VentureBeat reports that, according to the AI Index report, “facial recognition was found to be one of the biggest areas of investment in 2019 among AI startups and businesses.”
Topics discussed included “the need to require opt-in consent before using a person’s photo to train a model, the need to meet high performance standards before governmental deployment, regulation that protects against facial recognition being used at political rallies or protests, and protections to guard against overpolicing of schools or deployment by law enforcement to make arrests.”
“There should be something in our civil rights law and our justice system that does not allow a person to be persecuted based on the fact that we know this data is not adequate and it has biases,” said congresswoman Brenda Lawrence (D-Michigan), whose constituents are mainly people of color. Lawrence already introduced a bill to support ethical AI last year.
San Francisco and San Diego have “passed bans or moratoriums on the use of the tech by city agencies or law enforcement.” Some of the big tech companies, such as Amazon, Google and Microsoft have also asked the government for guidance.
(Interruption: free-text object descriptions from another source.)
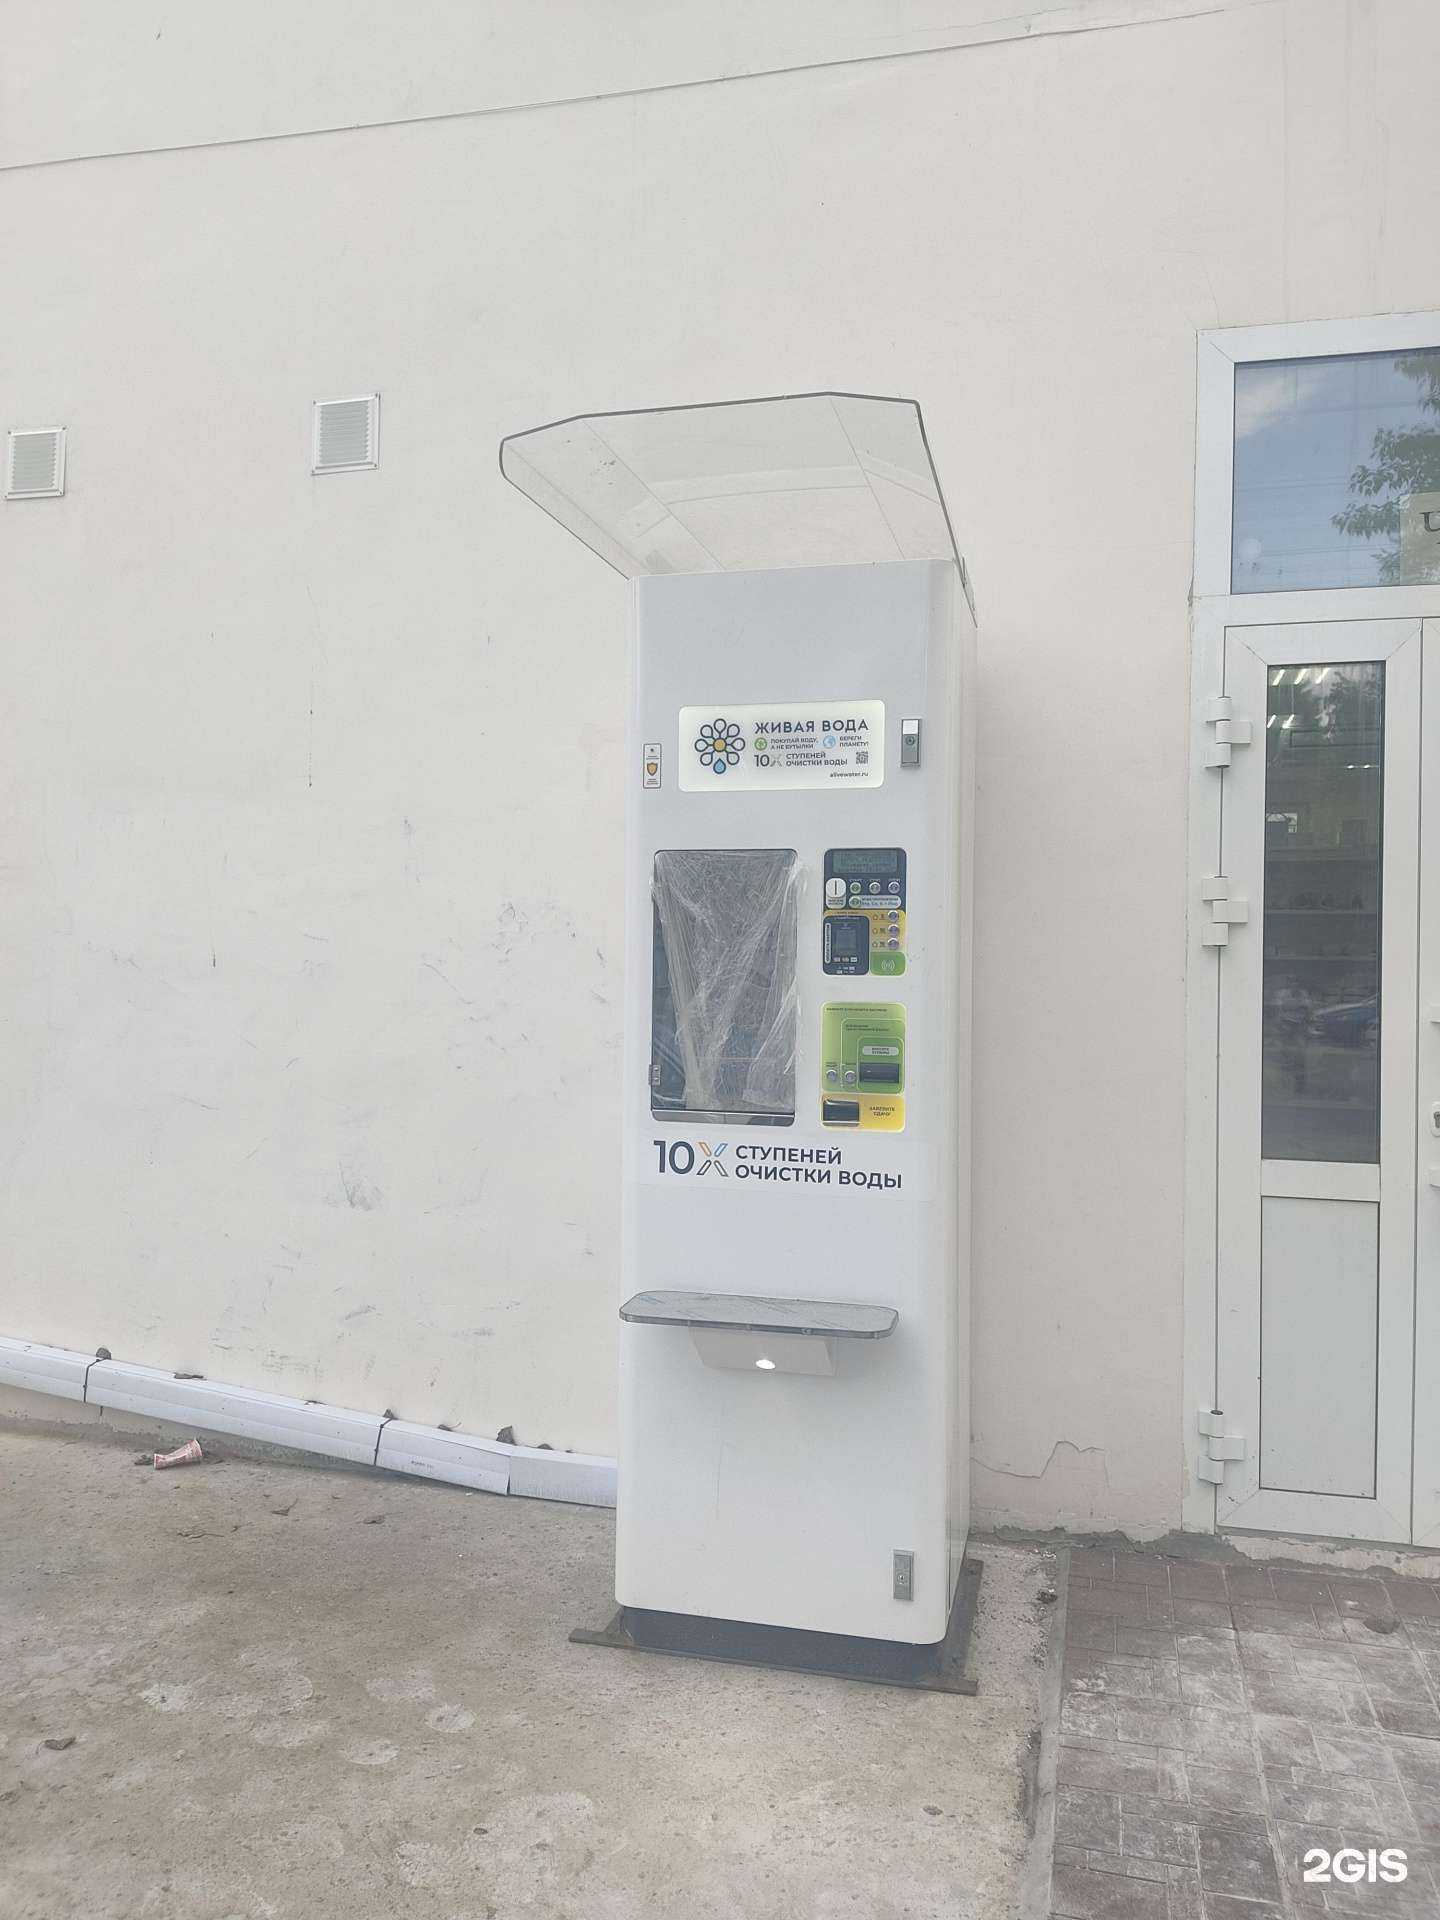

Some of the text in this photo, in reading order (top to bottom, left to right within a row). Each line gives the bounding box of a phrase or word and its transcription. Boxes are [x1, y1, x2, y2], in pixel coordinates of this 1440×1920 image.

[755, 719, 869, 734] ЖИВАЯ ВОДА
[786, 751, 826, 760] СТУПЕНЕЙ
[786, 759, 821, 767] ОЧИСТКИ
[735, 1145, 842, 1165] СТУПЕНЕЙ
[735, 1164, 902, 1190] ОЧИСТКИ ВОДЫ
In spring 2019, House Oversight and Reform hearings “examined facial recognition’s potential to violate the First and Fourth Amendments due to the technology’s tendency to discriminate.”
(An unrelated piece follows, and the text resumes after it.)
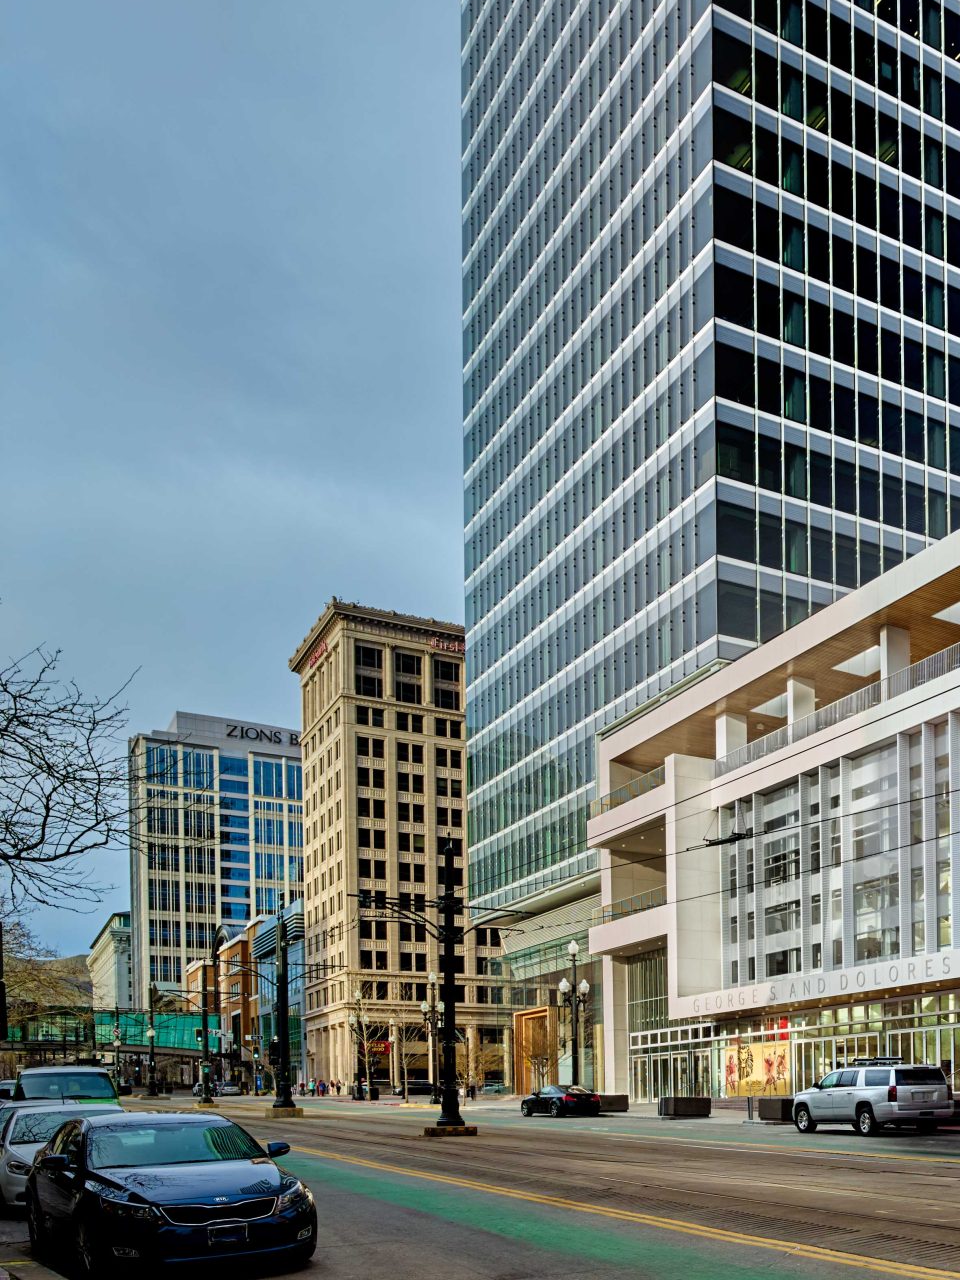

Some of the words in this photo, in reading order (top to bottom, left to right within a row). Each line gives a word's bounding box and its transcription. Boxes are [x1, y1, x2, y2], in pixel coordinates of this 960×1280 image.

[226, 724, 282, 744] ZIONS
[692, 985, 759, 1013] GEORGE
[789, 978, 827, 1000] AND
[839, 956, 952, 991] DOLORES
The Department of Commerce’s National Institute of Standards and Technology (NIST) also released a report on facial recognition that analyzed “nearly 100 businesses, including leaders like SenseTime and Microsoft,” finding evidence of racial bias, especially for women of color. There were also “higher rates of false positive identification” for the elderly, children and women overall.
Congresswoman Alexandria Ocasio-Cortez (D-New York) “called for protections against automation of injustice or biases that ‘compound on the lack of diversity in Silicon Valley as well’.” Congressman Jim Jordan (R-Ohio) stressed the bipartisan nature of the concerns, noting, “I think that this is where conservatives and progressives come together, and it’s on defending our civil liberties [and] … our Fourth Amendment rights, and it is that right to privacy.”
Last May, Amazon shareholders, however, rejected “a proposal to halt sale of Amazon’s facial analysis software Rekognition to governments.”